79/115 SPIRITUAL CONSCIOUSNESS By FRANK H. SPRAGUE

To appreciate the beauty and grandeur of the music in its entirety, we must get outside the din and inharmony attending the technical rendering of its several parts, and assume the standpoint of the conductor, or the composer. Then, for the first time, the work would appeal to us as harmonious and inspiring.

Every detail of the performance would thus become intelligible, and more deeply significant than it would have been possible for it to appear without the practical observations acquired through experiences that were, in themselves, perhaps vexatious and well-nigh unendurable; for we would then be fitted to understand the importance of each part in its relation to the others, and its ultimate bearing on the whole production.

Therefore, we would be able to view the whole situation both critically and appreciatively, and to realize the fullest meaning of all we had seen and heard. The facts of din and dissonance would be just as certain as while we felt the depressing influence of their spell; but they would no longer remain in evidence; for the grander idea of the whole composition would so overwhelm them as to transform ugliness into beauty.

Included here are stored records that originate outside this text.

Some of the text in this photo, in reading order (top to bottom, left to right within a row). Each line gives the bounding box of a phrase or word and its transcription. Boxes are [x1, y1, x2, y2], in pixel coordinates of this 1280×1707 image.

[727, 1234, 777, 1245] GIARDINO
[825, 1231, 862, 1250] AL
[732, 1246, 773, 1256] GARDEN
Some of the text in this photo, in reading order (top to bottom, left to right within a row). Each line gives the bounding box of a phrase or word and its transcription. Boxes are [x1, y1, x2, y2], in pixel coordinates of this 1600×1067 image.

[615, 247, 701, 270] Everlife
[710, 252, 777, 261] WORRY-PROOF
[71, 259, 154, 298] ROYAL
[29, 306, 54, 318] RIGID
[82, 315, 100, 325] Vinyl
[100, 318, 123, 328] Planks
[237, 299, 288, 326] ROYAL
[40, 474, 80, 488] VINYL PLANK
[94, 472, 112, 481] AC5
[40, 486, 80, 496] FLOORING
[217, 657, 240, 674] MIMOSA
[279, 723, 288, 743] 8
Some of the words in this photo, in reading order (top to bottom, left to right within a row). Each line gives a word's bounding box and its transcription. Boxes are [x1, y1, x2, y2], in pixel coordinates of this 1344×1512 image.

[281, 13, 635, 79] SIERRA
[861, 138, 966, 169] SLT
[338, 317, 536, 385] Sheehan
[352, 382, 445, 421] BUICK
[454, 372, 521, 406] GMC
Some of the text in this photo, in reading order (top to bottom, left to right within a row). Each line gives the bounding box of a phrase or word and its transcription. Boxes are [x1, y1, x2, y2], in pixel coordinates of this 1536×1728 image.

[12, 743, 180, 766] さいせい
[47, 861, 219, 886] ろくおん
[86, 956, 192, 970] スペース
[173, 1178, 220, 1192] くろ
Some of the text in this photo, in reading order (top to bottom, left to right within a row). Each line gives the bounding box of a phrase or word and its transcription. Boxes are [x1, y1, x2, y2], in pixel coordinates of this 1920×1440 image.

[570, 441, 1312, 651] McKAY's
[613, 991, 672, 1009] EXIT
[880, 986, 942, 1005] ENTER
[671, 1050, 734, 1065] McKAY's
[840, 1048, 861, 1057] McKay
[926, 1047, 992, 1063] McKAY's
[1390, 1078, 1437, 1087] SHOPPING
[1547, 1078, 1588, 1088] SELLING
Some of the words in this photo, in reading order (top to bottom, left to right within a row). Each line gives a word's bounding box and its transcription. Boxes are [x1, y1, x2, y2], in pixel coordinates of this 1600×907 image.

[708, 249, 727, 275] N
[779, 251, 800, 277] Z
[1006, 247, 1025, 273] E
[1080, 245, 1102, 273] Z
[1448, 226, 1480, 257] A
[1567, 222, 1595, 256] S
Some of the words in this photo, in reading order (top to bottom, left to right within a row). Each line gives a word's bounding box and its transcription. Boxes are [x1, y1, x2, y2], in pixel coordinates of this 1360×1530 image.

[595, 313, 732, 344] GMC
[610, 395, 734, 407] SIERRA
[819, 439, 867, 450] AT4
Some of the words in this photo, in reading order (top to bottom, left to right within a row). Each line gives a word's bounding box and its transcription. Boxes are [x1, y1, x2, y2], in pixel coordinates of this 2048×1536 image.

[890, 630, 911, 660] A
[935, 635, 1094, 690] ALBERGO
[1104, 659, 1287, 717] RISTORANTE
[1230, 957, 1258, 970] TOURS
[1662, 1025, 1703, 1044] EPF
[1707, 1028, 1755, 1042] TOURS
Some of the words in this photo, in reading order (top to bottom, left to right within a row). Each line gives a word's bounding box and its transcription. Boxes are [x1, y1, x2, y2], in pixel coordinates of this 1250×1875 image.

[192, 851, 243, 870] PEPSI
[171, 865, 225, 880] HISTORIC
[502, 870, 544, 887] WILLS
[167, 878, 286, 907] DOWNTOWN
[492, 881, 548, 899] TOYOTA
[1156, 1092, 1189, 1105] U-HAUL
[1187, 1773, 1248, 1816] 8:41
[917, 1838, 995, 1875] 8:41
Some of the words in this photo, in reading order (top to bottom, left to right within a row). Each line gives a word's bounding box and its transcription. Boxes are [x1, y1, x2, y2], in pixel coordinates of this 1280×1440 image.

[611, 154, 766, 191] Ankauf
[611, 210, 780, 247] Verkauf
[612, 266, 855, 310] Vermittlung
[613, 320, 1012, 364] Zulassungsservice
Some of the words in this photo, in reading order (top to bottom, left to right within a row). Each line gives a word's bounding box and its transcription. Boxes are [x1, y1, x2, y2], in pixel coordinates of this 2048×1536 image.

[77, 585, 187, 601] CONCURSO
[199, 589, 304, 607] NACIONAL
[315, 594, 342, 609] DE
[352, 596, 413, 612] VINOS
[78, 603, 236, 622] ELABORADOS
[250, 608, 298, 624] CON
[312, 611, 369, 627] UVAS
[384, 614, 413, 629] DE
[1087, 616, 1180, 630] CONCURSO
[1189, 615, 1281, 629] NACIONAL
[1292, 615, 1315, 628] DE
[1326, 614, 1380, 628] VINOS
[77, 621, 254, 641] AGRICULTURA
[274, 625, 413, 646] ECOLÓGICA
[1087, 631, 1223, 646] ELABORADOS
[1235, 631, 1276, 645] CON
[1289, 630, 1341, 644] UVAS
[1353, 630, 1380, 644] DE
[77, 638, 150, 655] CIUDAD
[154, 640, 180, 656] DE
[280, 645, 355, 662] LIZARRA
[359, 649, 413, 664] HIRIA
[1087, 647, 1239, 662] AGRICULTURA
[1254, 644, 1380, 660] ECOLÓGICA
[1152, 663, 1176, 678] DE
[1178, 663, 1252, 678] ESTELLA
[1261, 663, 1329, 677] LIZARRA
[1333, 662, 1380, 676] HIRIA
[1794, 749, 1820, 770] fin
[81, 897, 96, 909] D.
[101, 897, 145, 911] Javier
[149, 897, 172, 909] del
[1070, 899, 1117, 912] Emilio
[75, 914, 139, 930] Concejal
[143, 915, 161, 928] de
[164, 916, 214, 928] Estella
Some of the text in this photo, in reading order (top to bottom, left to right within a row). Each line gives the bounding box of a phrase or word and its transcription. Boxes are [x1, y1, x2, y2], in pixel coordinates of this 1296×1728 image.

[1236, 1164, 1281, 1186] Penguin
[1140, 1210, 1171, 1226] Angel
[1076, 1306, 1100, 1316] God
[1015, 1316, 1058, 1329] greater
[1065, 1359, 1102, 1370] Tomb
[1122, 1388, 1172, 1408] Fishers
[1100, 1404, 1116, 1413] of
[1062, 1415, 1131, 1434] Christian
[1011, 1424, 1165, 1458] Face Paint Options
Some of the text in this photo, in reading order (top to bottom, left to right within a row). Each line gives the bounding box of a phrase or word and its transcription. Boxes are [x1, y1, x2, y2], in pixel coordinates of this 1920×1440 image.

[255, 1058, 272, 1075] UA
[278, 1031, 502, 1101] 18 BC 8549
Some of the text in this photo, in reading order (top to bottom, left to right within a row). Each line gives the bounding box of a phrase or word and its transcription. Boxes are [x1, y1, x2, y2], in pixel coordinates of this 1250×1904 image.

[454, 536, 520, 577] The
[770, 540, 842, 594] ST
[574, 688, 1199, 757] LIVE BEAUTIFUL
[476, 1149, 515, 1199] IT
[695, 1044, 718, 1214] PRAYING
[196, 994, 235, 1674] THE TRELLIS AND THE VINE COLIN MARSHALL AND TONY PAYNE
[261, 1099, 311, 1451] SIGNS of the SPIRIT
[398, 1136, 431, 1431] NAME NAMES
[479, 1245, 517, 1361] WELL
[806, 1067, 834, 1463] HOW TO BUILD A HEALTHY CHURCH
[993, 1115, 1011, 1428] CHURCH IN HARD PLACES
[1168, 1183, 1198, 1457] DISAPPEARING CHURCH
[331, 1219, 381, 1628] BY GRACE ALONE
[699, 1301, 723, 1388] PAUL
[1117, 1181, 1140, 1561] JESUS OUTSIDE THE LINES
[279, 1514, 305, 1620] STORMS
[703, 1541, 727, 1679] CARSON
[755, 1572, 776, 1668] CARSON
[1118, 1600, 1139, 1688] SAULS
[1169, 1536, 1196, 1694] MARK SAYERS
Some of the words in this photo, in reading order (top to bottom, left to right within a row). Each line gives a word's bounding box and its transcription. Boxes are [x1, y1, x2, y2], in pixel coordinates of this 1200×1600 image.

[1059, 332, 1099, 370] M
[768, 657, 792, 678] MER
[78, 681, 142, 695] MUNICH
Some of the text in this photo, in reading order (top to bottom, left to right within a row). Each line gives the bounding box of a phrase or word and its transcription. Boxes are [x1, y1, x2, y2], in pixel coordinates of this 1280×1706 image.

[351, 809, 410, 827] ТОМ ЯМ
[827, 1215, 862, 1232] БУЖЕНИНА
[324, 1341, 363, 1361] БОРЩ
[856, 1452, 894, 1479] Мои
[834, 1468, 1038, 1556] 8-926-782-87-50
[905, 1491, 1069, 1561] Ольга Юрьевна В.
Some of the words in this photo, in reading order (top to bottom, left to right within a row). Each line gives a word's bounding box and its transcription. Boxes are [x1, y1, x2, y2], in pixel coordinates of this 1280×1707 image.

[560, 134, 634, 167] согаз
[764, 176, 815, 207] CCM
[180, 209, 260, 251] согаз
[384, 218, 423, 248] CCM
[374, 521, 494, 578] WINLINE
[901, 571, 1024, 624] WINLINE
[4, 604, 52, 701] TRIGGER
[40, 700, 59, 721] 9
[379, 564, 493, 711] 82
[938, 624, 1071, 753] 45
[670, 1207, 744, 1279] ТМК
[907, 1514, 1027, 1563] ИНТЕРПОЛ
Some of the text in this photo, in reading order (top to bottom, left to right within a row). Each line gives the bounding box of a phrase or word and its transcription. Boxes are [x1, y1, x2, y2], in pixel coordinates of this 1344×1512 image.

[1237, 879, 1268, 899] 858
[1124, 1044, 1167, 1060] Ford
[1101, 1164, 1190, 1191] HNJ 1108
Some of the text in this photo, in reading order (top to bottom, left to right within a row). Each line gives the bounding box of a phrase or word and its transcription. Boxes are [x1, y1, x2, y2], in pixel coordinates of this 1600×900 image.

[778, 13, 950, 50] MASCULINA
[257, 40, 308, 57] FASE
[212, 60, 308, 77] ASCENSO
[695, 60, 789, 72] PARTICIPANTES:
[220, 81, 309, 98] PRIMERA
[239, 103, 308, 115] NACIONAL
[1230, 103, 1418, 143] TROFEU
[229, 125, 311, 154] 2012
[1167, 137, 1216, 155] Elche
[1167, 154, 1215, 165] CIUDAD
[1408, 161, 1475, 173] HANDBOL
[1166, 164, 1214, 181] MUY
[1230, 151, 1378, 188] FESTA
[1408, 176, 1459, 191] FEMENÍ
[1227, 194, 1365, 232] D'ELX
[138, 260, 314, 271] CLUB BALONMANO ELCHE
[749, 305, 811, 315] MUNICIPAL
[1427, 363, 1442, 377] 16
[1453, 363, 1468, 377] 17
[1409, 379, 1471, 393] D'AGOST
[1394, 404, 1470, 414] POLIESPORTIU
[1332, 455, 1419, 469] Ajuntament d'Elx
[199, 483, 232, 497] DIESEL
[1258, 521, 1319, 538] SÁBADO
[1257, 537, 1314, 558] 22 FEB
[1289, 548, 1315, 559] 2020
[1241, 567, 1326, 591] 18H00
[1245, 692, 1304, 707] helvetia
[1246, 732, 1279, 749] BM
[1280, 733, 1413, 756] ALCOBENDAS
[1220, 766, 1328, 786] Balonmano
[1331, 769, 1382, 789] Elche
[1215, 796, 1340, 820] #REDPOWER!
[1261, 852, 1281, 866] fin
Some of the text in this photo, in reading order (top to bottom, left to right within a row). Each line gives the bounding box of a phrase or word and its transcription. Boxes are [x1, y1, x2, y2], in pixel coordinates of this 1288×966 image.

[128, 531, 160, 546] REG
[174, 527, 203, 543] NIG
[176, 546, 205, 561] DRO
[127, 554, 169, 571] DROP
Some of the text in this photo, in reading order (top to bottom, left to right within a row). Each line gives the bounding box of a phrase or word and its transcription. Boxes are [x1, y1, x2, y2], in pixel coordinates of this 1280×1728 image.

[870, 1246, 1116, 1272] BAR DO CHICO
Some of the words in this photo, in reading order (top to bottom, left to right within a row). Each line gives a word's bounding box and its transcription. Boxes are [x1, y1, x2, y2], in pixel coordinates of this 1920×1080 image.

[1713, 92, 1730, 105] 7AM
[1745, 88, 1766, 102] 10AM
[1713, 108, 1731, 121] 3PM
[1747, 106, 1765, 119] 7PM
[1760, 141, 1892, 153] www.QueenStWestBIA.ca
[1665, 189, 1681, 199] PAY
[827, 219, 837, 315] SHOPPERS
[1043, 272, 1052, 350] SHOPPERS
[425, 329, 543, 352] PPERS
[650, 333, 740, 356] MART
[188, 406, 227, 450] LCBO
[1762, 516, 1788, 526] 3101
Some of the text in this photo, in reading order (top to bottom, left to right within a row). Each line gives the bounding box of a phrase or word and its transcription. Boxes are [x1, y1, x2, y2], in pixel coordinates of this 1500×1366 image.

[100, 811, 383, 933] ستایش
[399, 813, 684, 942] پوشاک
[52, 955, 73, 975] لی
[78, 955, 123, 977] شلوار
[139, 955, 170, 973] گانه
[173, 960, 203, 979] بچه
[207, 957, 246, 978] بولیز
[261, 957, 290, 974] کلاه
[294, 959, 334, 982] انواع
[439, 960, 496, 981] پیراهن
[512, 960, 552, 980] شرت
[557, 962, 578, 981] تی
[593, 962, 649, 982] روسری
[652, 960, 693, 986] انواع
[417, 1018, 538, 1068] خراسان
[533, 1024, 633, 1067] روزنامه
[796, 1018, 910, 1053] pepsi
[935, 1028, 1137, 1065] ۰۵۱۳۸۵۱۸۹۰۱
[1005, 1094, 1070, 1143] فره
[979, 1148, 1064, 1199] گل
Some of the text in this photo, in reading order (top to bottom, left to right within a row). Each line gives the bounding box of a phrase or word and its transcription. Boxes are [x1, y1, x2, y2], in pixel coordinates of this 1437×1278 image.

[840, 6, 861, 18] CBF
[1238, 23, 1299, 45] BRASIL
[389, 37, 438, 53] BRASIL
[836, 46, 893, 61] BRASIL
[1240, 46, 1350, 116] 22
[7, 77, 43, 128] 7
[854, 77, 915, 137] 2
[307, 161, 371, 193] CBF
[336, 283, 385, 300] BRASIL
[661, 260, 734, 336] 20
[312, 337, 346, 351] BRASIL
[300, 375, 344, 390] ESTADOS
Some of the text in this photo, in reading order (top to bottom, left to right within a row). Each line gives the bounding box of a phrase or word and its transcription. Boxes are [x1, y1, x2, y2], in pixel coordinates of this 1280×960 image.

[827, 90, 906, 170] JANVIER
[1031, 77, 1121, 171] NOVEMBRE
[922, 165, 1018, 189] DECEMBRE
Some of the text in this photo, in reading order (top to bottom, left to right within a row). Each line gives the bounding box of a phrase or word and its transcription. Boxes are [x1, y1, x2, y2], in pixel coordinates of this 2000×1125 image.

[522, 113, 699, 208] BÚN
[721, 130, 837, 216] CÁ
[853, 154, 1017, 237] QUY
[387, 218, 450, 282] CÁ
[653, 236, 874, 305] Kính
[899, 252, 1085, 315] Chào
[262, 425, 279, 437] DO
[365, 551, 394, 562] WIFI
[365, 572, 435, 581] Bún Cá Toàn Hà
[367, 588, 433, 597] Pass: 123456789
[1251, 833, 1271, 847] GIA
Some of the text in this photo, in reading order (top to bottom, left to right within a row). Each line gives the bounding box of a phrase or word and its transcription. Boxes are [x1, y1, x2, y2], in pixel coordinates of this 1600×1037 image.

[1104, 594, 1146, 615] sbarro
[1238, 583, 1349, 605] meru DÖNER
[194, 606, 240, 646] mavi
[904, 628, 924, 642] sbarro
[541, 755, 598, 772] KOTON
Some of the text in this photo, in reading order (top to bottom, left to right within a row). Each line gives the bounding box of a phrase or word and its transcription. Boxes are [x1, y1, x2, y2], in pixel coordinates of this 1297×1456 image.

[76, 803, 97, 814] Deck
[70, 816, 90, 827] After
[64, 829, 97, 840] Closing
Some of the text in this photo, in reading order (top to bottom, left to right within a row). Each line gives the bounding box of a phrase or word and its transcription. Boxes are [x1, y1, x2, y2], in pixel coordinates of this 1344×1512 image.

Suffering and disappointment may be very much in evidence in the finite consciousness; but their import depends altogether on the plane from which one regards them. They play a most important part as agencies in awakening men from the sluggish repose of ignorance and selfishness, on the lower planes of consciousness.

Some awaken slowly and reluctantly, only after being repeatedly aroused by most distressing experiences; but then the need of awakening is most imperative. We live in dreams until the burden of suffering becomes unendurable, and impels us to awaken to consciousness of Reality.

Suffering in dreams may be most intense; but when, on awakening, we realize the nature of our misery, it is forgotten in the joy attending the discovery of a more real state. Intensity does not indicate reality. Forces that clash most violently, are soonest spent. Evil symptoms are transient and suicidal.

From the universal point of view, we may know life, not in dreams, but in the full light of awakened consciousness. Above all the hardships, pain, dis- cord, and even the horrors that invade the realm of finite conceptions, we may delight in the eternal harmony that attends the consciousness of an infinite Reality.